日本国民は、戦後75年間の努力によって、世界で最も優れた医療制度を得たはずでした。
人口1億2500万人の日本には、160万床の病床があり、310万人の医療従事者がおり、3万台の人工呼吸器をはじめとした世界最高水準の医療機器が揃っています。欧米先進国と比較しても、圧倒的な水準で、まさに白い巨塔だったはずです。この巨塔をつくったのは、日本国民が戦後75年に渡って、税金や保険金として支払ってきた資金が源泉です。
日本国民が信頼していた白い巨塔が、欧米諸国と比較して1/100の脅威しかない日本の新型コロナ感染症で脆くも崩壊しそうです。
暴風雨でも揺らがないと信じていたタワーが、ほんの微かな風で倒壊するかも知れないと言われても、俄かに信じられないというのが本音でしょう。

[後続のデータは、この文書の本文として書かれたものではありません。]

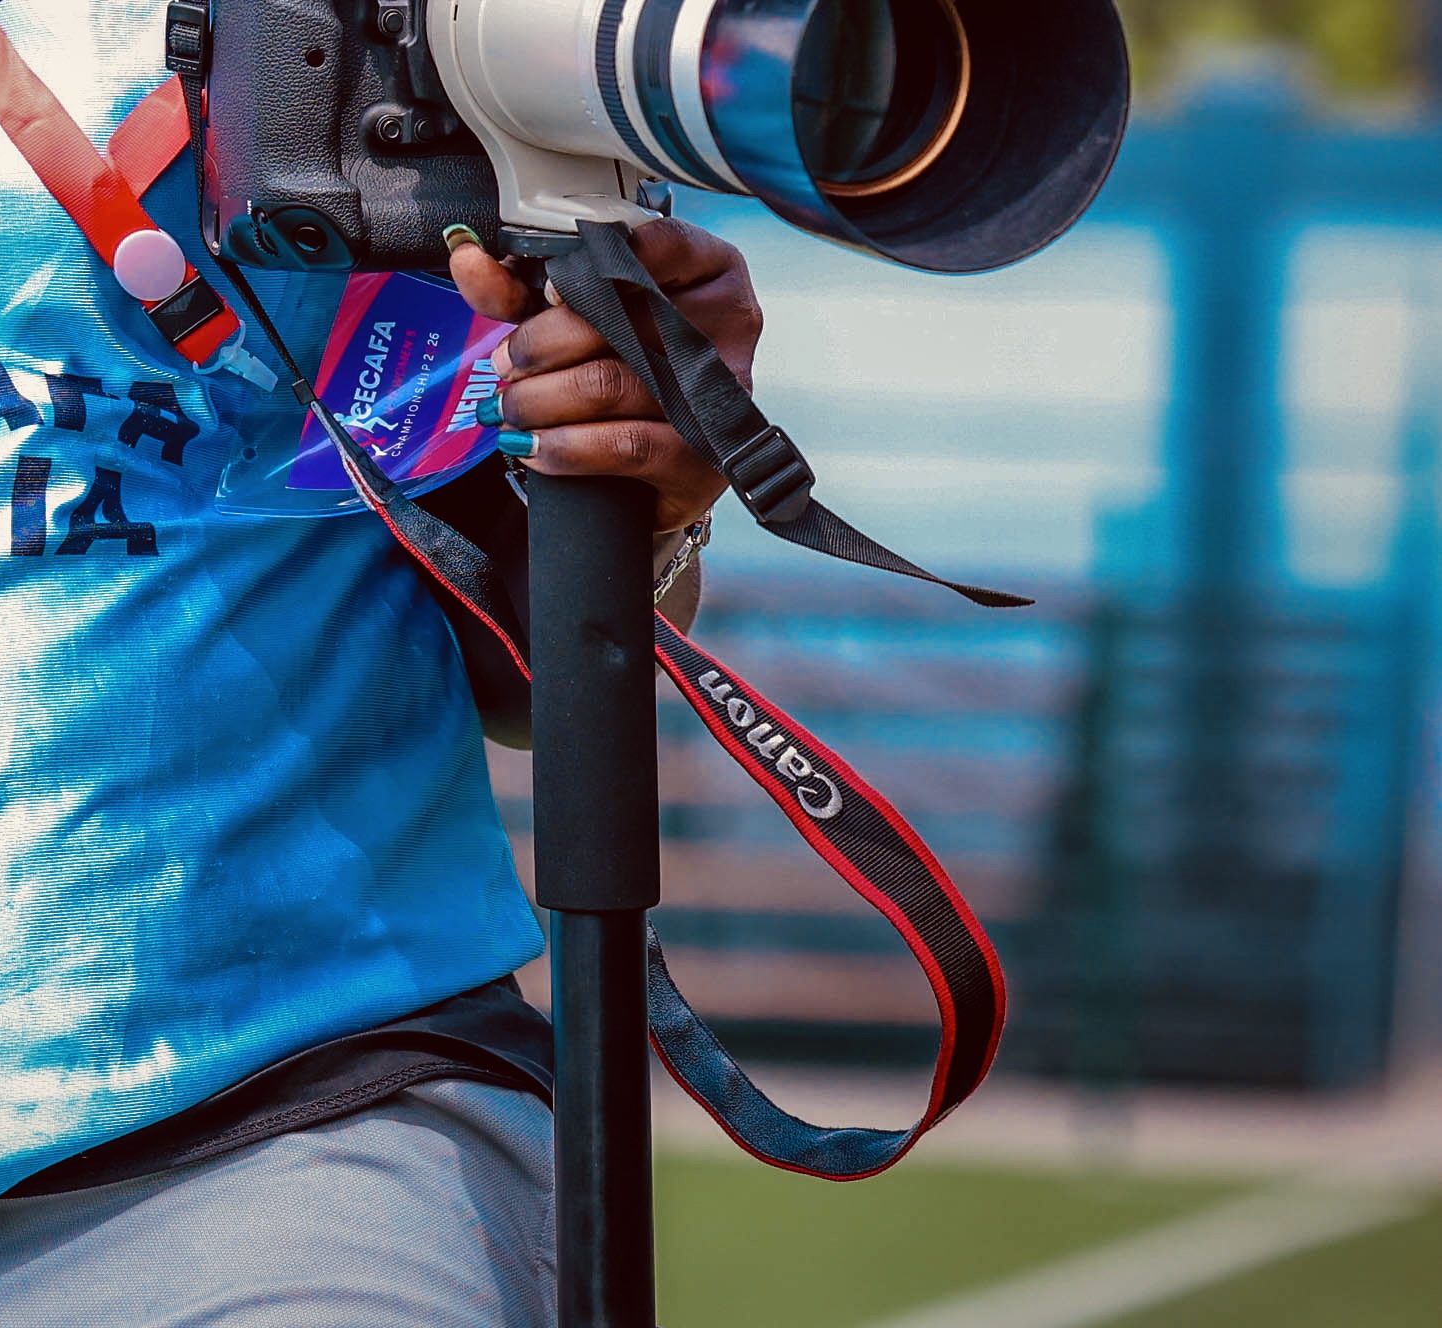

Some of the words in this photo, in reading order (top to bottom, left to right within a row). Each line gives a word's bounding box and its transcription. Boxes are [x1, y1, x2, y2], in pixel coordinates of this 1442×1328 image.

☞ 2020/03/13 新型コロナでは日本は医療崩壊しない
普通の日本人の感覚としては、医療者に騙された。これまで、私たちが医療インフラ構築のために負担してきた、税金や保険料は、どこに行ったのか!と怒るのが当然です。ところが、マスコミなどでは、医療従事者を賛美するような報道ばかりです。
現場の看護師さんたちを慰労するのは当然ですが、彼女たちを前面に出して、厚顔にも「医療崩壊は当然」と言うお偉いさんたちは許せません。
もし、他の業界で、経営者が事業に失敗して、苦境に喘ぐ従業員を前面に出して、会社が倒産するから何とかしてくれと言えば、大変な批判を受けることになります。
例えば、リーマンショックのような経済恐慌が世界を襲ったとします。日本のダメージが欧米諸国に比較して小さいのにも関わらず、証券業協会とか銀行経協会とかの会長が、日本の金融制度の崩壊の危機と訴えたとしたら、あなたはどう思いますか?
繰り返しになりますが、日本国民は世界最高水準の医療インフラを構築しています。人・モノ・カネ・技術、全ての点でこのレベルは今も維持されています。
それなのに、欧米に比べて1/100レベルの感染者が出たところで、医療崩壊を起こすというのであれば、その原因がどこにあるのかを説明する責任が、医療界にはあります。